Fig. 12: Average accuracy of all fields from different documents.
Fig. 13: LF-BP (left) and our model’s (right) prediction about documents containing drifted fields in the d0 dataset. LF-BP model failed while our model can handle the drifted fields.

Iv-C3 Performance on “Outliers” Documents

Table II shows that our model, when using ZAC-GM solver, is the only one succeed across all datasets. When our model use the DD-ILP solver, it can not handle documents containing outliers. We investigate the original code and find that it aims to solve the graph matching problem and requires the support and query documents to have the same number of fields. This is not true in documents containing outliers. However, when we reimplement the ZAC-GM solver [32] and employ it to pick out the outliers, our model can handle the drifted fields and outliers at the same time to some extend. By taking a close look at the prediction of our reimplemented LF-BP model, we find that the outliers are predicted to have a label of their neighbors as shown in the Figure 7 (c1) and (c2). Despite that [1] did not report how they handle the outliers, the demo released by them will refuse to output the label of some outliers. We argure that our model provides an alternative approach that can handle the outliers.

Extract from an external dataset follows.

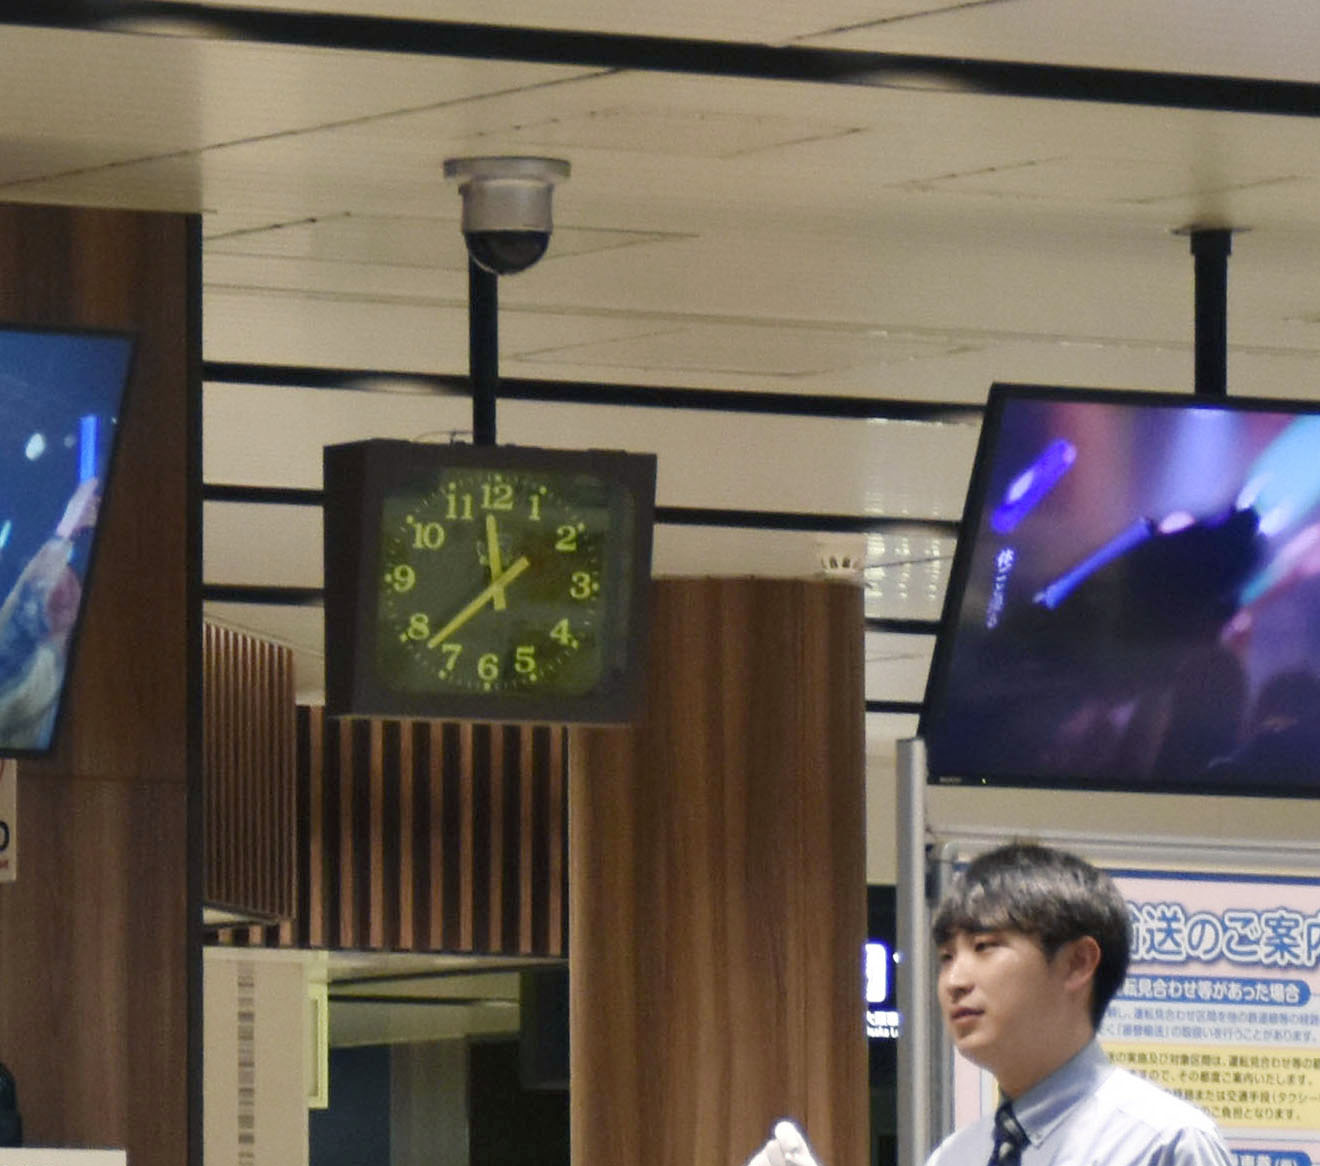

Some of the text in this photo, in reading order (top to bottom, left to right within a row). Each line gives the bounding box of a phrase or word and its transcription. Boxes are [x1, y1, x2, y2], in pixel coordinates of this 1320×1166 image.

Some documents in the d0, d3 and d6 dataset contain drifted fields and outliers at the same time. We find that such documents are the most difficult ones. Not only the LF-BP model failed on these documents, but also the performance of our model dropped by a relatively large margin. Figure 14 shows such samples in the d3 dataset. We find that when the outliers are close to the drifted fields, they are hard to distinct with each other solely based on their spatial features. For example, LF-BP model maps the “type” field in (a1) to the “outliers2” field in (a2). Our model also maps the “fee” field in (b1) to the “outliers1” field in (b2). The position of these outliers are so close to other drifted query fields such that the models may confuse them with the situation of multi-region fields. This indicates that we should measure the imilarity between fields using more diverse features such as the width and height of bounding boxes of fields or the text embedding in fields. We discuss the impact of different features in the ablation study section IV-D.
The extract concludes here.